> [Exercise description]
Here, the job is to give back every entry below unchanged, omitting pictures.
Segment Start: Provided entries
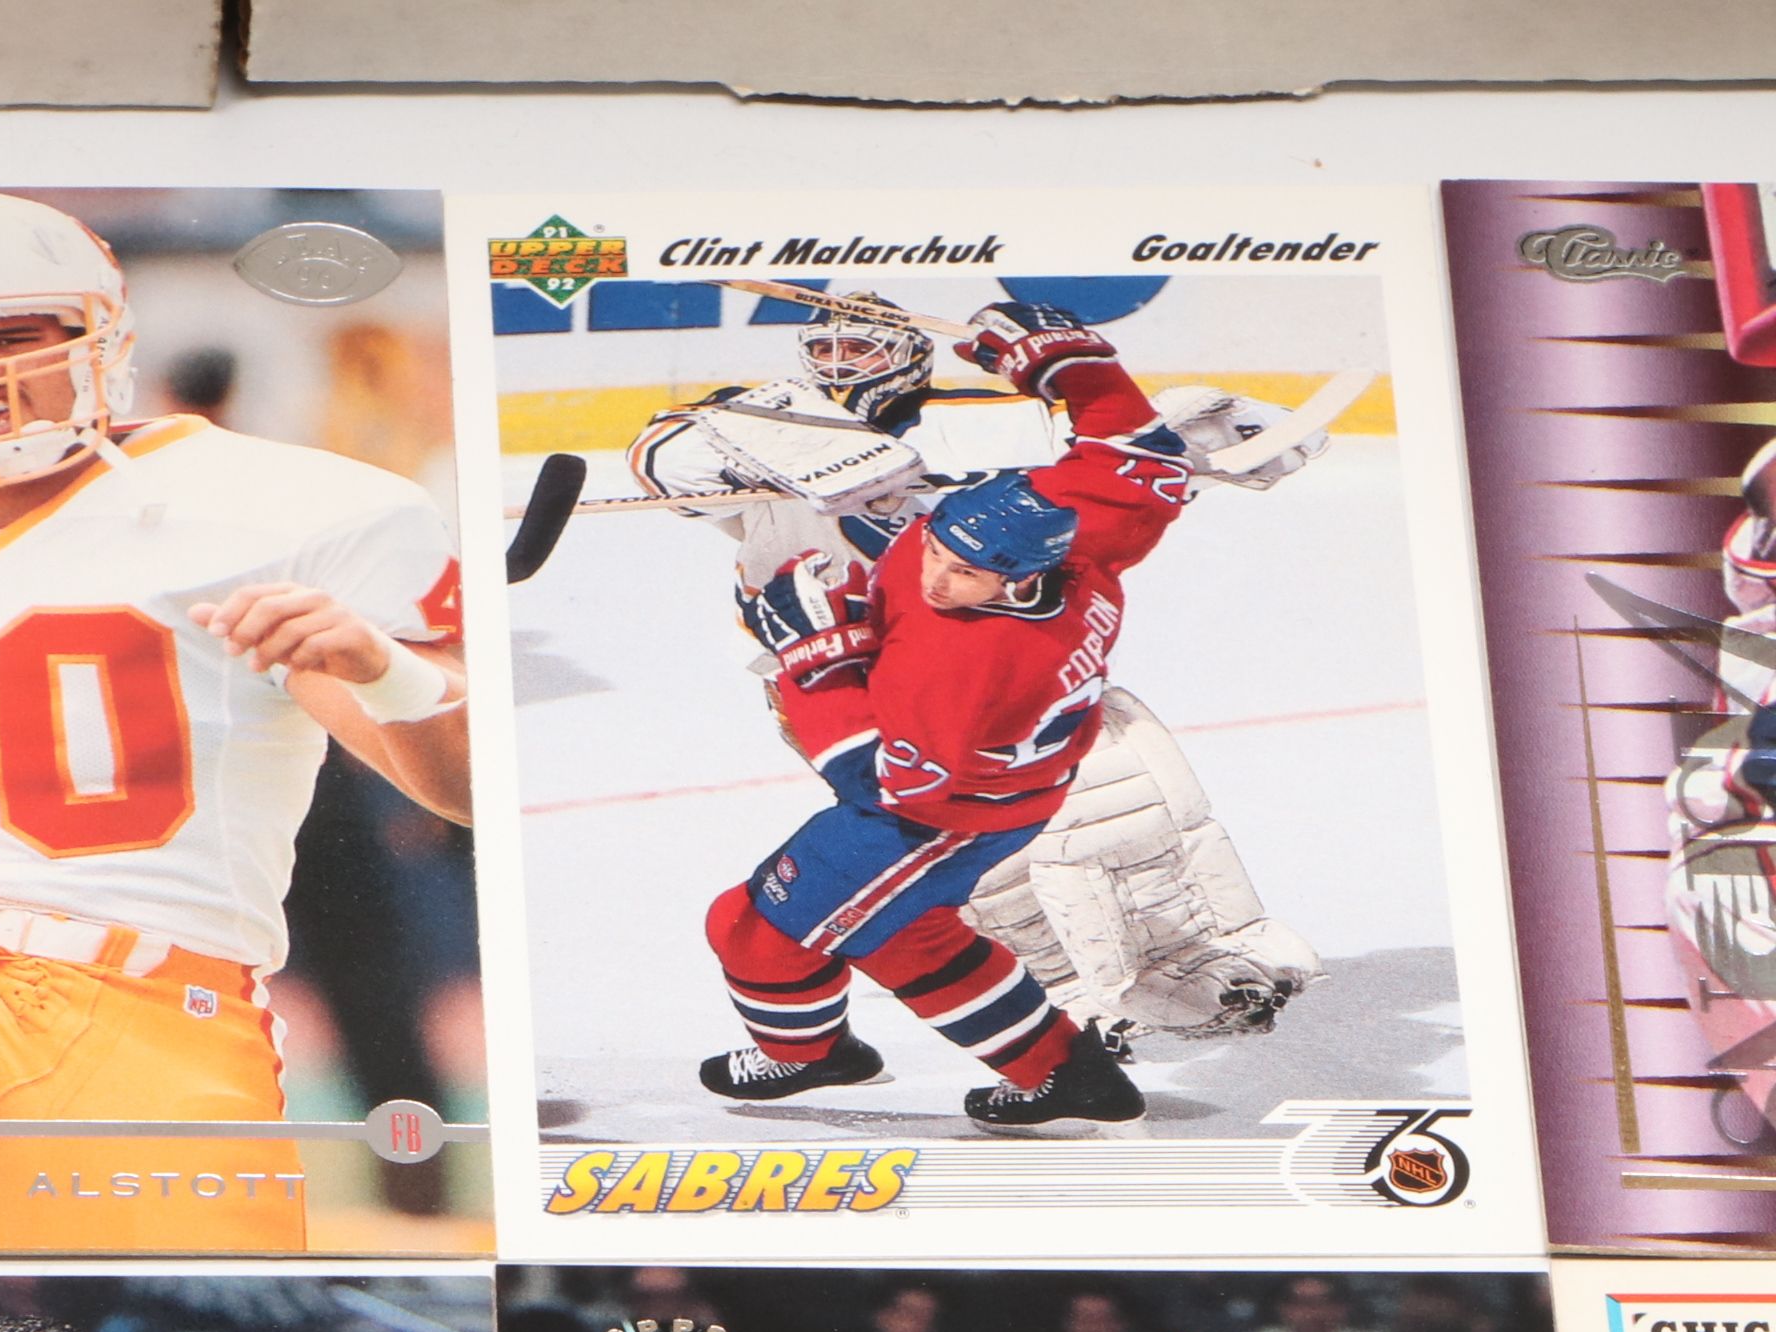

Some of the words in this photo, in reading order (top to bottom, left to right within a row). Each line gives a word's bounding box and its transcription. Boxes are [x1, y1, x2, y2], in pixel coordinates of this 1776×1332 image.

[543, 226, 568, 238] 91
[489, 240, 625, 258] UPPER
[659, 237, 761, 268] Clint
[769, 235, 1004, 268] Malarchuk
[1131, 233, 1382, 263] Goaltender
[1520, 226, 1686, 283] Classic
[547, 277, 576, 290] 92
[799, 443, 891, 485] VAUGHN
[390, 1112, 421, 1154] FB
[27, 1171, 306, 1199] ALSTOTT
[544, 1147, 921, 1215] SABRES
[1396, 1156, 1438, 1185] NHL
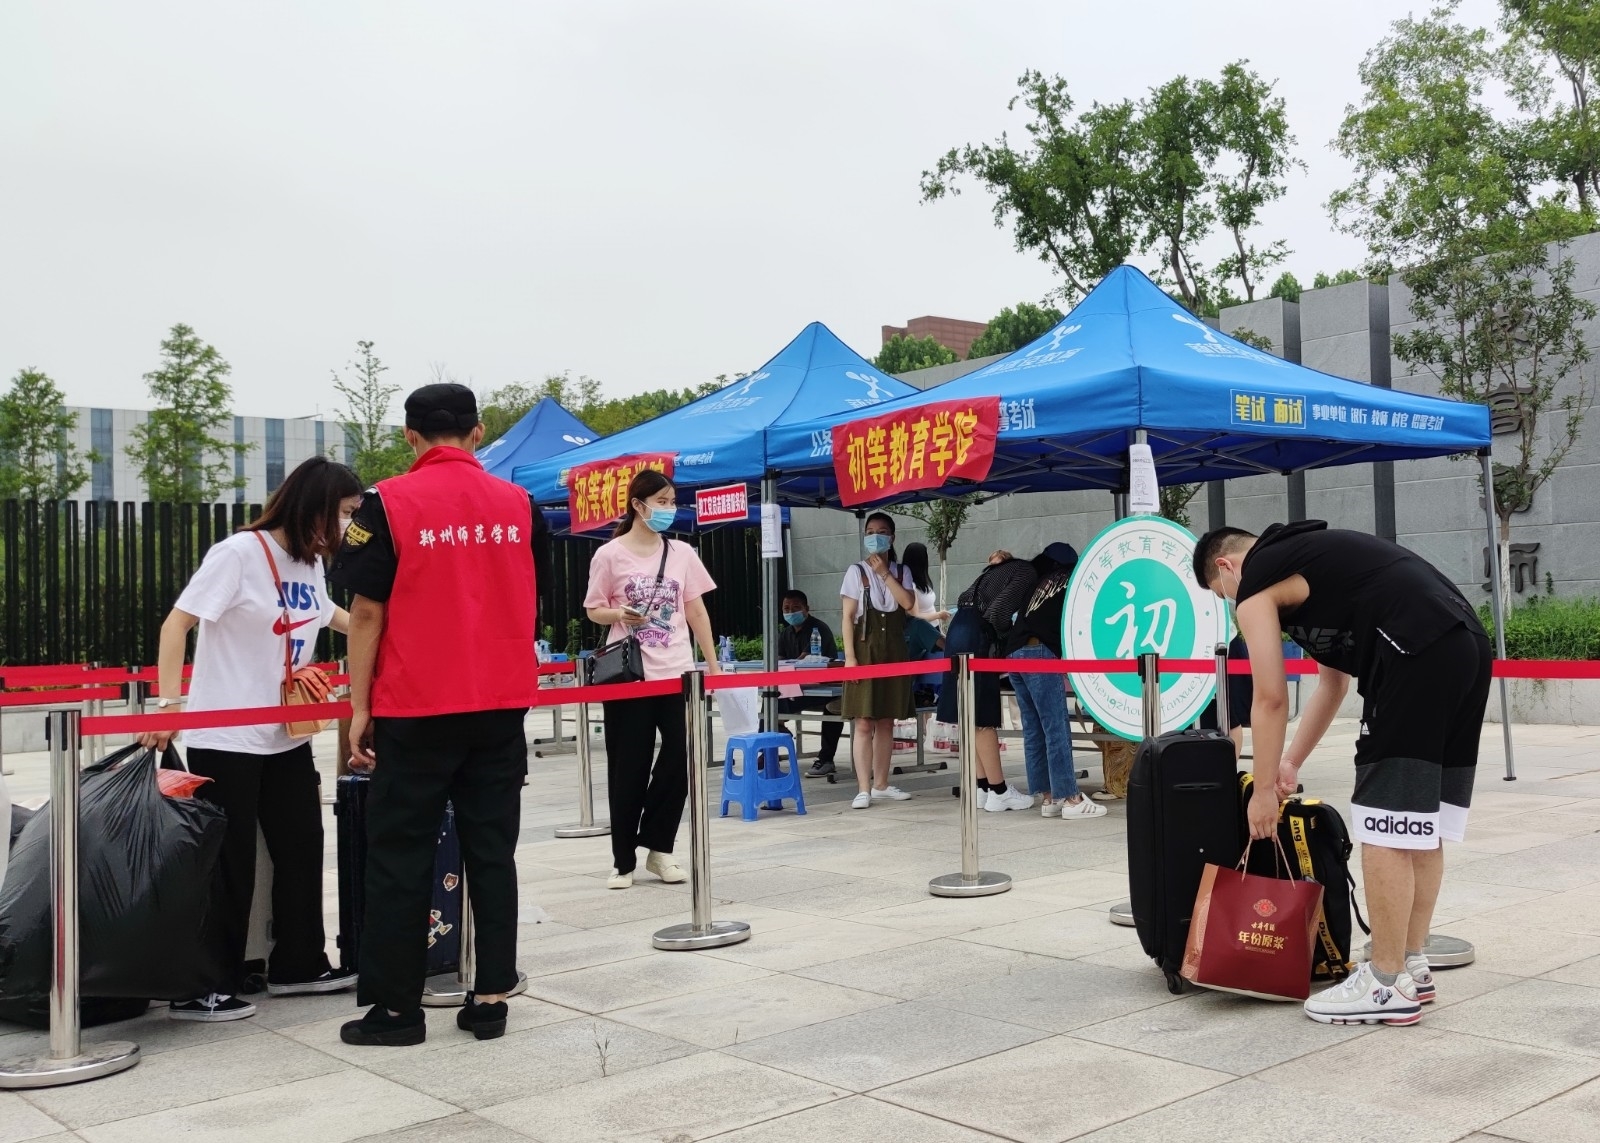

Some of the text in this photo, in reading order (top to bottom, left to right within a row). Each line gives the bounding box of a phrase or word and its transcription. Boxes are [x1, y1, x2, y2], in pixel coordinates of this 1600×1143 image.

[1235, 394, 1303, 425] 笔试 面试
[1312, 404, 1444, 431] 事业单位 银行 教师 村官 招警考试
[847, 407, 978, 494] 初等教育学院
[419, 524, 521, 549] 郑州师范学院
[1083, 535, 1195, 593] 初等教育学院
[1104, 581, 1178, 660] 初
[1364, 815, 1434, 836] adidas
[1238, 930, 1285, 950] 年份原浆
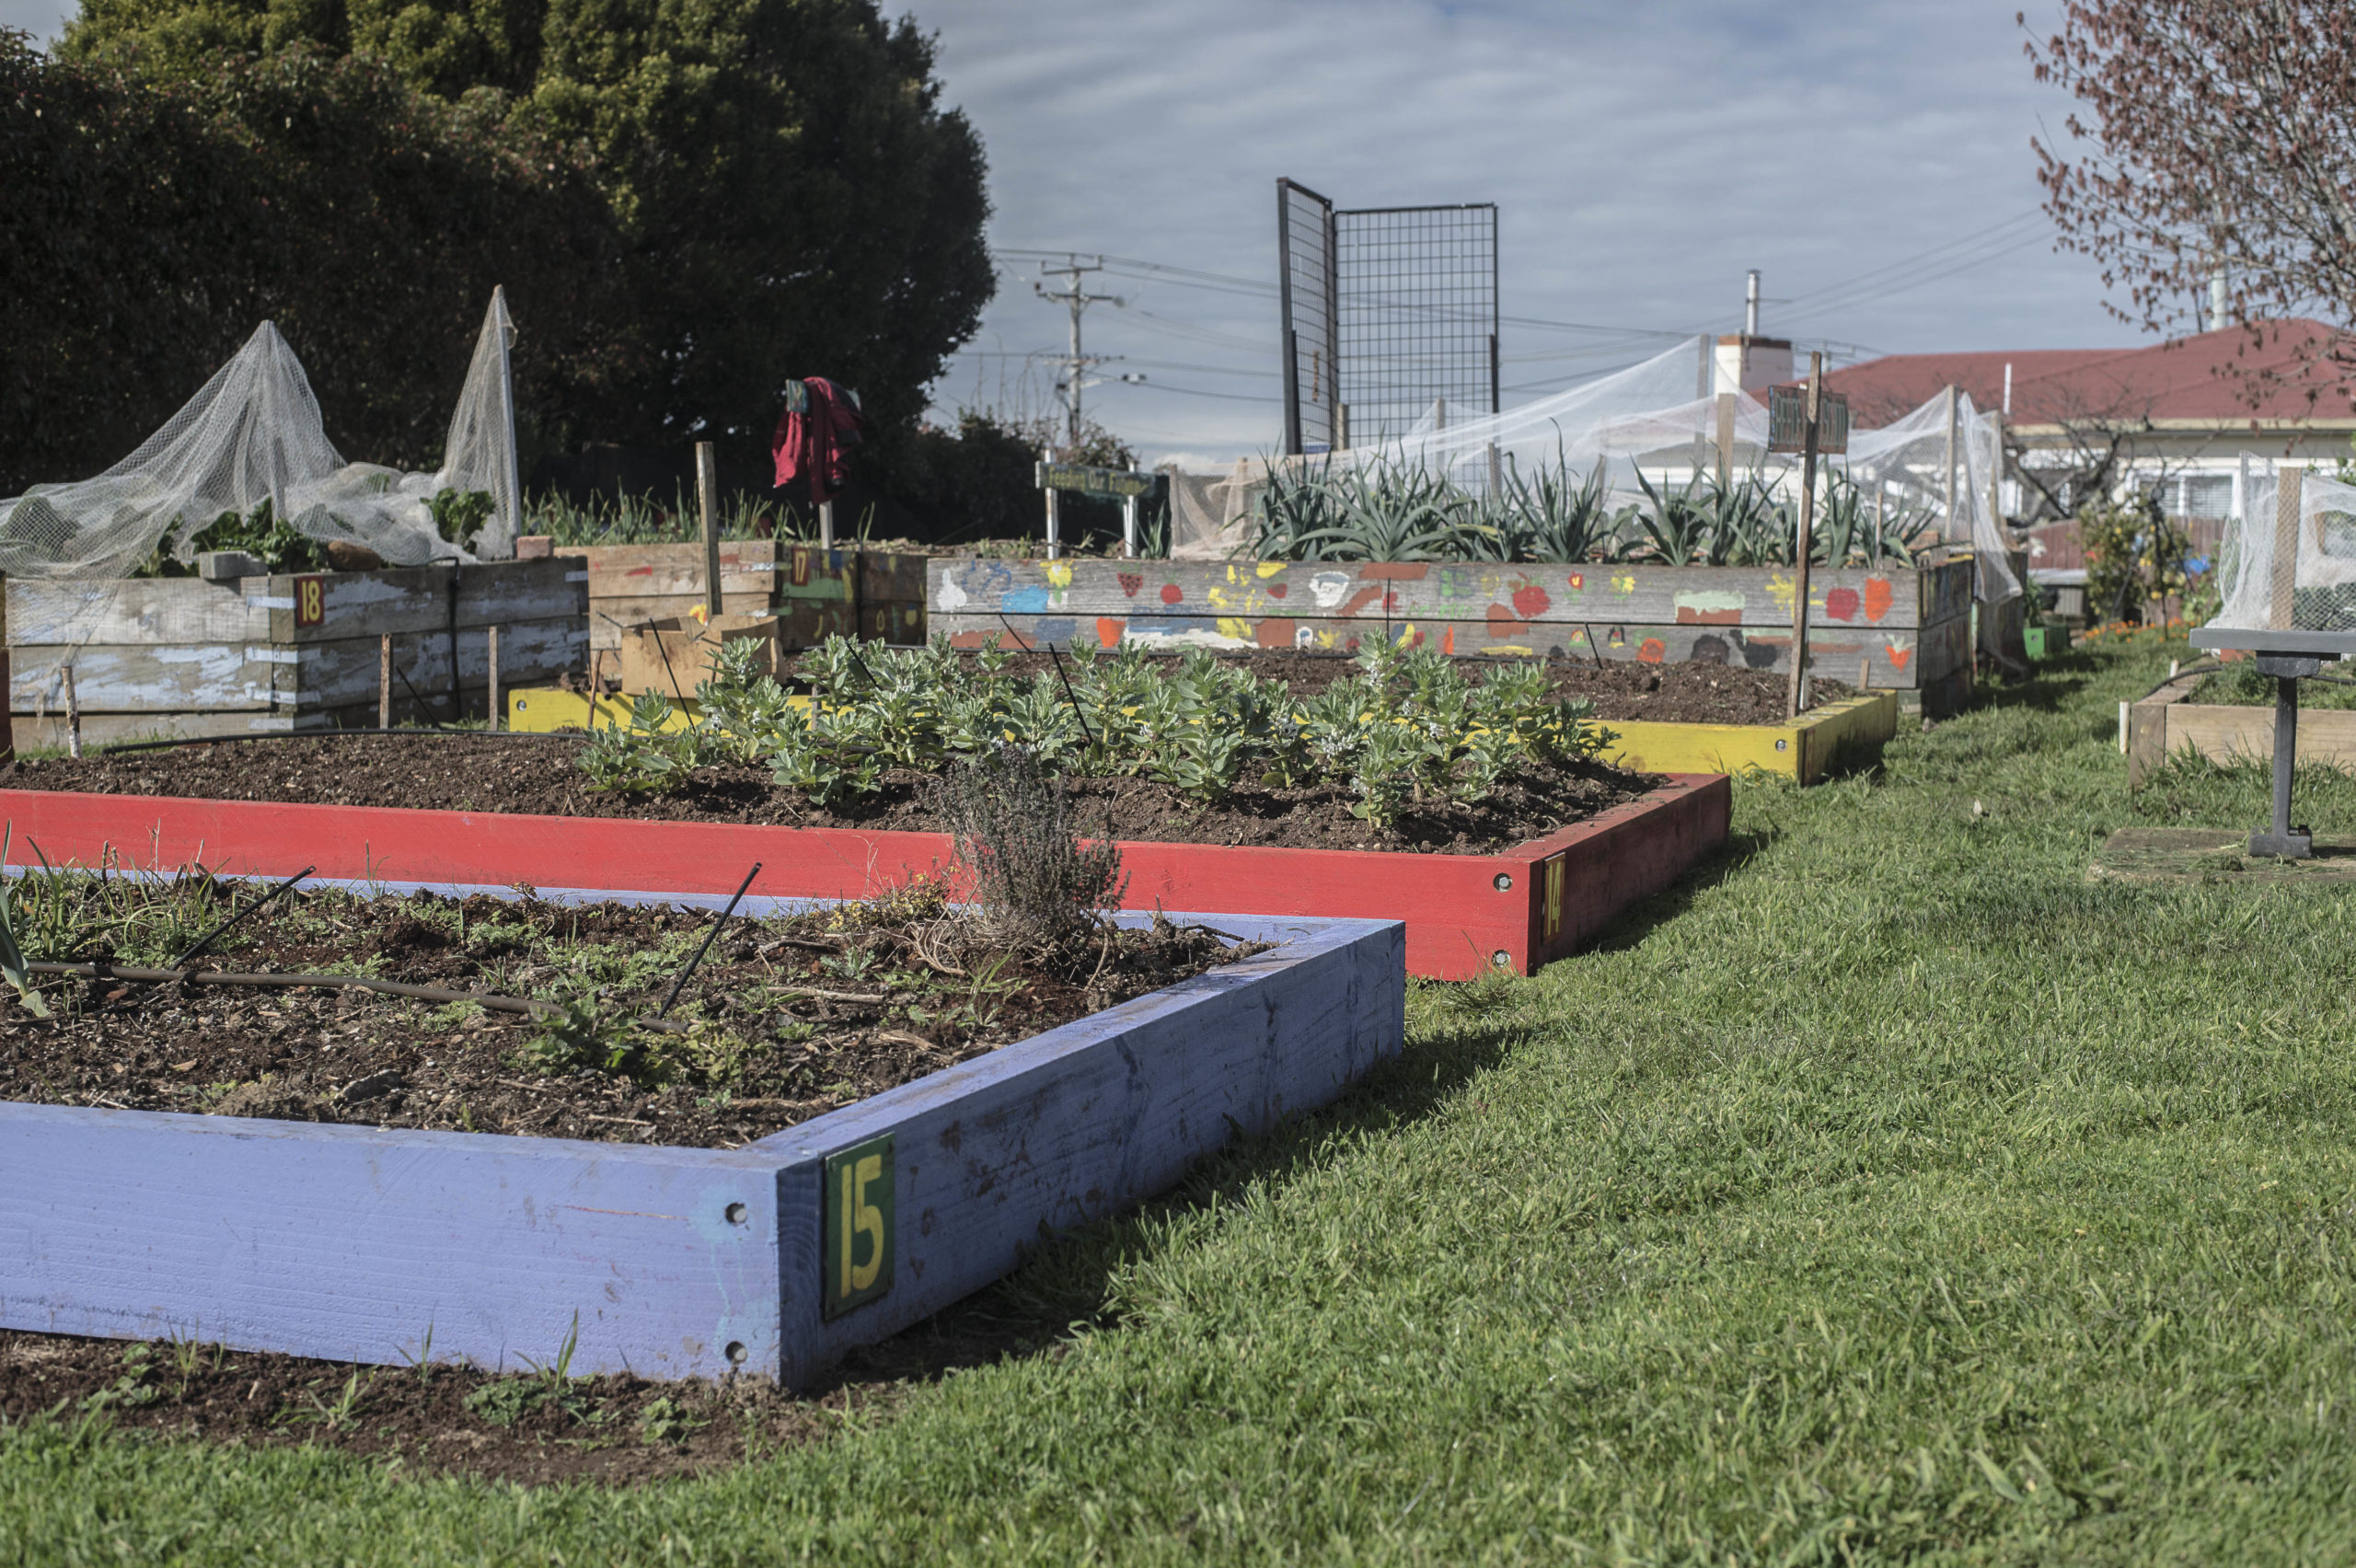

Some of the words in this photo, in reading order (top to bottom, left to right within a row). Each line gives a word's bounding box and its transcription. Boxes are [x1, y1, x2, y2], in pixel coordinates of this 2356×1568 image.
Segment End: Provided entries
> [Answer box]
Some of the words in this photo, in reading order (top to bottom, left to right within a row). Each line gives a word's bounding box and its transcription. Boxes are [x1, y1, x2, y2], in pixel coordinates of this 1776×1332 image.

[543, 226, 568, 238] 91
[489, 240, 625, 258] UPPER
[659, 237, 761, 268] Clint
[769, 235, 1004, 268] Malarchuk
[1131, 233, 1382, 263] Goaltender
[1520, 226, 1686, 283] Classic
[547, 277, 576, 290] 92
[799, 443, 891, 485] VAUGHN
[390, 1112, 421, 1154] FB
[27, 1171, 306, 1199] ALSTOTT
[544, 1147, 921, 1215] SABRES
[1396, 1156, 1438, 1185] NHL

Some of the text in this photo, in reading order (top to bottom, left to right within a row). Each line gives the bounding box of a phrase or word and its transcription. Boxes are [x1, y1, x2, y2], in pixel coordinates of this 1600×1143 image.

[1235, 394, 1303, 425] 笔试 面试
[1312, 404, 1444, 431] 事业单位 银行 教师 村官 招警考试
[847, 407, 978, 494] 初等教育学院
[419, 524, 521, 549] 郑州师范学院
[1083, 535, 1195, 593] 初等教育学院
[1104, 581, 1178, 660] 初
[1364, 815, 1434, 836] adidas
[1238, 930, 1285, 950] 年份原浆

Some of the words in this photo, in reading order (top to bottom, left to right within a row). Each line gives a word's bounding box and its transcription. Boxes are [x1, y1, x2, y2], in pixel coordinates of this 2356×1568 image.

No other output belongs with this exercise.